September 06, 2019 03:50 pm | Updated 05:46 pm IST

After Indian American engineer Srinivas Kuchibhotla was killed by a white nationalist in Kansas in February 2017, it took several weeks before the new President, Donald Trump, condemned it, only obliquely still, upsetting the community. Democrat Bernie Sanders instantly came out in support of the family and the community, and said the President’s rhetoric on immigration led to the murder. 

As campaign for the 2020 presidential election picks up, a dominant section of the Indian Americans linked to Hindutva politics is gunning for Mr. Sanders and aligning with the nationalist politics of Mr. Trump, for their respective positions on Kashmir . This rapidly evolving realignment will polarise the community and could alter the basis of India-U.S. ties.

Indian Americans have largely been supporters of the Democratic Party to which all five U.S. lawmakers of Indian origin also belong. Democrats have been more supportive of immigration and religious and cultural rights of the minorities. The simultaneous rise of nationalism in India and America, led by Prime Minister Narendra Modi and Mr. Trump, had put the community in a paradoxical situation, as they were largely jubilant about Hindutva in India while being at the receiving end of nationalism in their adopted land.

The Kashmir factor

Kuchibotla himself was an ardent fan of Mr. Modi’s sweeping Hindutva politics as his wife related after this murder. Not only Mr. Sanders, but Democrats such as Congressman from Silicon Valley Ro Khanna, Congresswoman Pramila Jayapal and several other friends of India and Indian Americans have denounced Hindutva politics in the wake of the prolonged lockdown of Jammu and Kashmir following the unilateral end to its autonomy.

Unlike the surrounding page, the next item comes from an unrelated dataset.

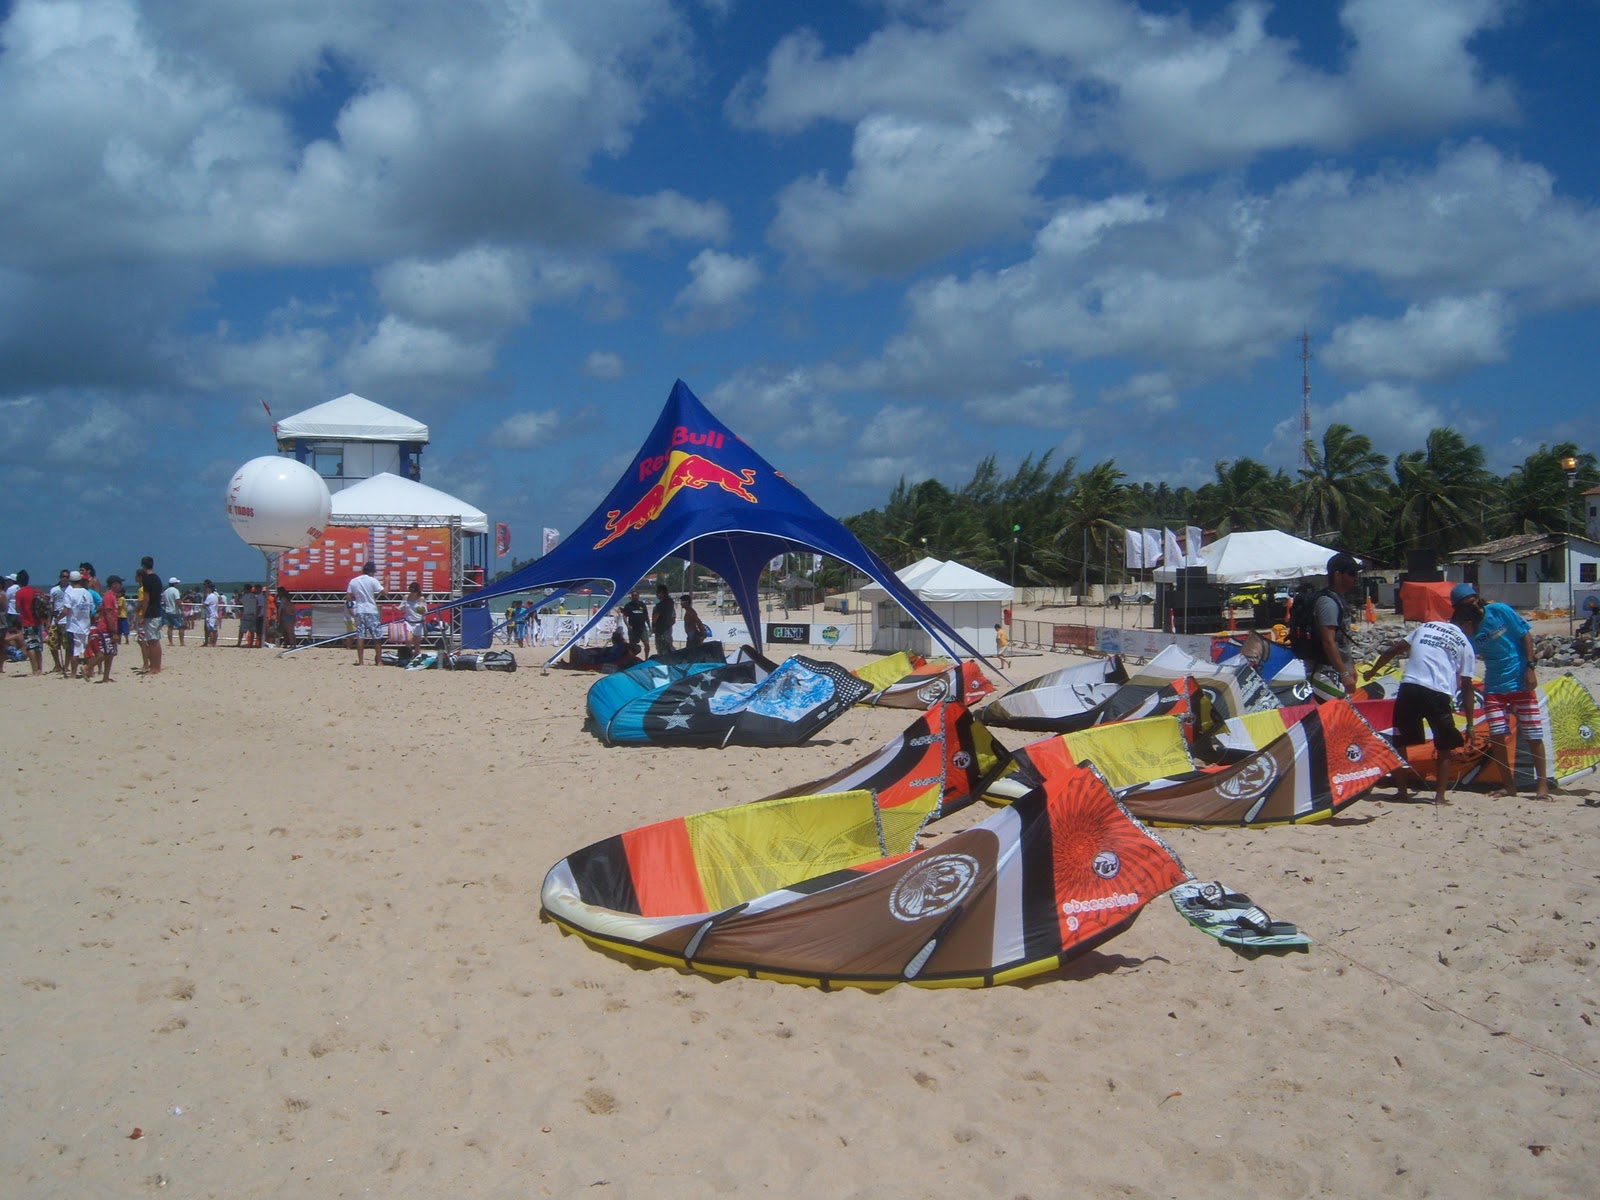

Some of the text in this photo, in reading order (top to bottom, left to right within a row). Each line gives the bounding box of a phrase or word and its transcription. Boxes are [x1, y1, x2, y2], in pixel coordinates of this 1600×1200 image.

[672, 425, 725, 449] Bull
[234, 505, 254, 518] TODOS
[1063, 892, 1139, 914] obsession
[1066, 916, 1079, 931] 9

“India’s behaviour is unacceptable,” said Mr. Sanders. 

Mr. Khanna, grandson of a freedom fighter and a member of the first Parliament of India, said, “It’s the duty of every American politician of Hindu faith to stand for pluralism, reject Hindutva, and speak for equal rights for Hindus, Muslims, Sikhs, Buddhists and Christians.” 

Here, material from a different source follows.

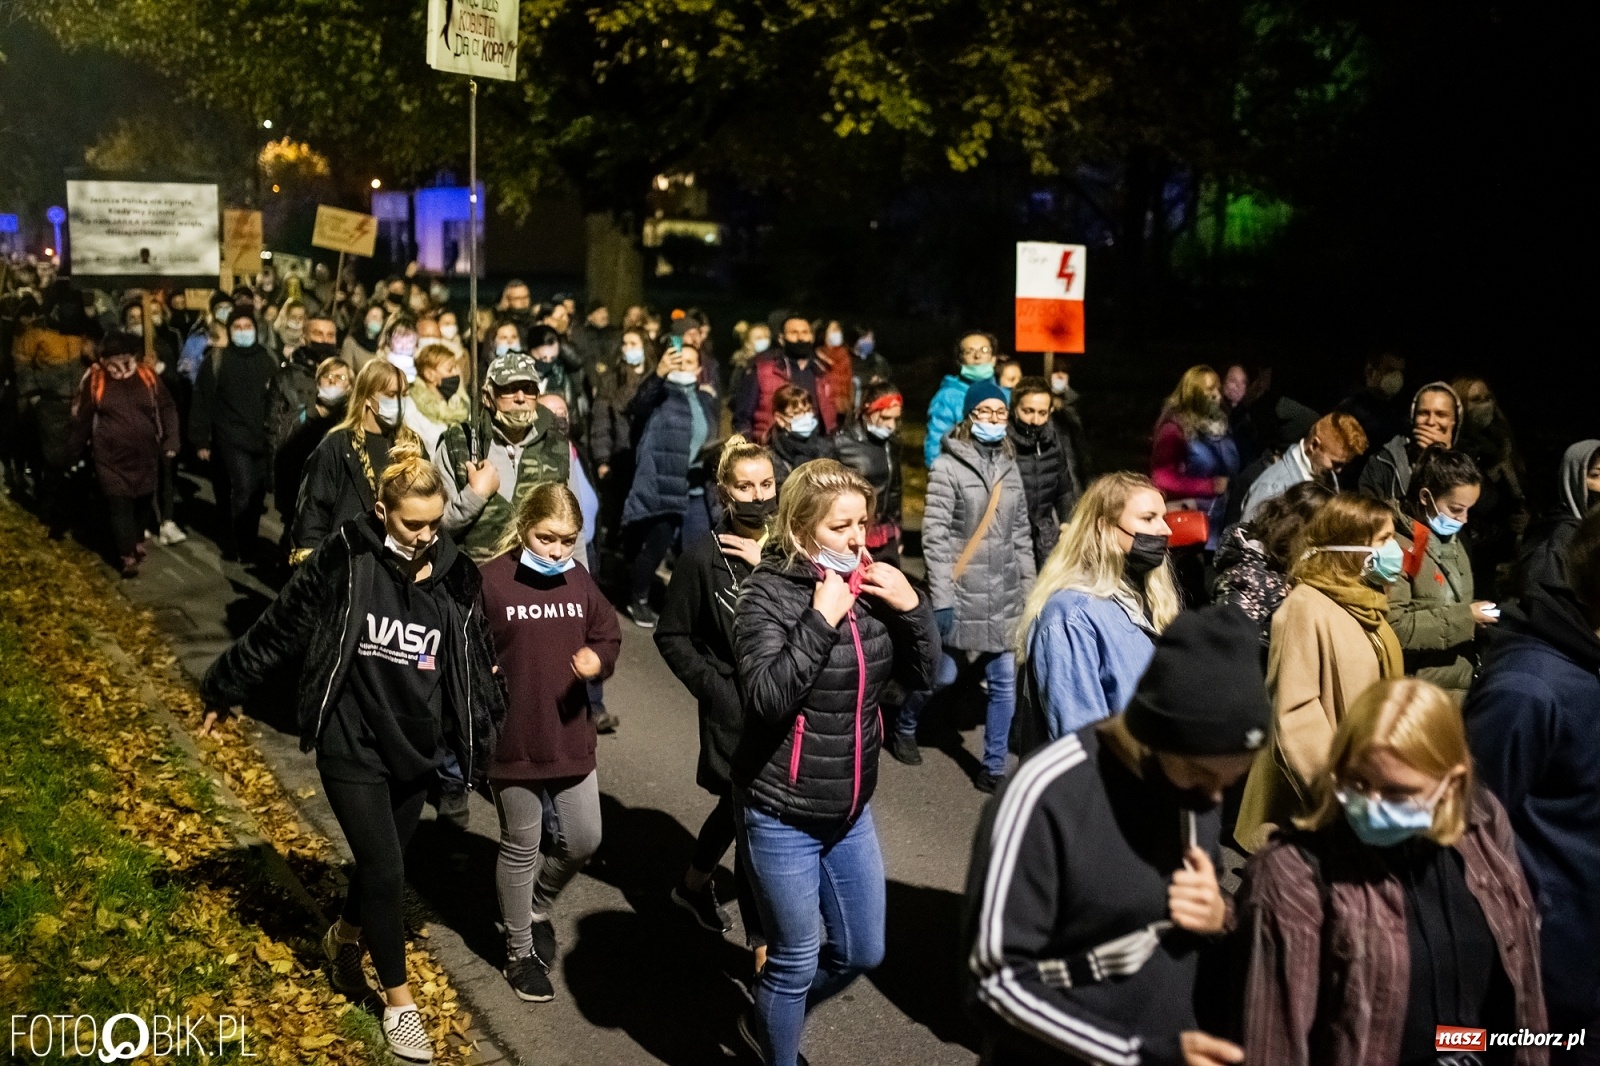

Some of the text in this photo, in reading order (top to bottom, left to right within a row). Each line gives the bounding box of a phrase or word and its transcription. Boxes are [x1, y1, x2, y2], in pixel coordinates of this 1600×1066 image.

[459, 10, 496, 38] KOBIETA
[454, 33, 469, 58] DA
[506, 602, 584, 621] PROMISE
[366, 612, 441, 655] NASA

Influential Hindutva voices in America have turned against these Democrats, and accused them of pro-Pakistan sympathies and being in the spell of anti-India, Muslim advisers. Mr. Trump does not sweat over India’s Kashmir policy barring its impact on his own plans for an American military withdrawal from Afghanistan. His tirade against immigrants, particularly the Indian techies notwithstanding, the Hindutva sections had found his bluster against Muslims appealing. Kashmir has brought them closer to Mr. Trump and their journey to his camp could be completed ahead of the 2020 Presidential election. There are many ironies in this, but this might end one central paradox of Hindutva-leaning Indian American politics that has been sympathetic to religious majoritarianism and cultural supremacism in India while demanding religious and cultural rights in America.

Political realignment

The dualism of Indian-American politics has now become unsustainable as Democratic leaders find it increasingly impossible to side with Mr. Modi as he advances the Hindutva agenda. Many of these friends of India were mislead, and had misread Mr. Modi’s politics and they interpreted his success in 2014 as a turn in Indian politics towards more neo-liberal reforms and globalism. Such an image of Mr. Modi was also projected by Indian diplomacy in America. But one American thinker, who interpreted Mr. Modi’s victory as a nativist revolt against a global elite, was none other than Stephen Bannon, the most authentic interpreter of Mr. Trump’s nationalist politics. Mr. Bannon has also been particularly a critic of the H-1B visa and Indian-American immigration. That the Indian Ambassador to the U.S. retweeted a tweet that denounced Mr. Sanders and tweeted about his meeting with Mr. Bannon in glowing terms (he deleted the tweet later) in quick succession bears out the official Indian position on the emerging fault-lines in American politics and the role of Indian Americans in it.

That the Democrats are obstinately anti-Russia and Trump nationalists are pro-Russia also adds a strategic dimension to this realignment. Democrats have stalled any improvement in U.S.-Russia ties and India has suffered direct collateral damage in the process, as it is being threatened with sanctions for its defence ties with Kremlin.

This realignment of Indian-American politics will be accelerated with the coming ‘Howdy, Modi’ rally in Houston on September 22. Mr. Modi has drawn Indian Americans deeply into his Hindutva nationalism, and drafted them to advance his politics in America, but avoided mega shows in the U.S. after Mr. Trump became the President, fearing a blowback.

He will be back in full force later this month, and the occasion will call upon liberal Indian Americans and Democratic politicians to be unambiguous in their view of the Indian leader and his politics. Hindutva groups will swallow the humiliation at the hands of Trump nationalists in their homeland and cheerlead the march of nationalism in the country they abandoned. As for India-U.S. relations, well, they will continue to be of shared values and interests, though of different values and different interests, historically speaking.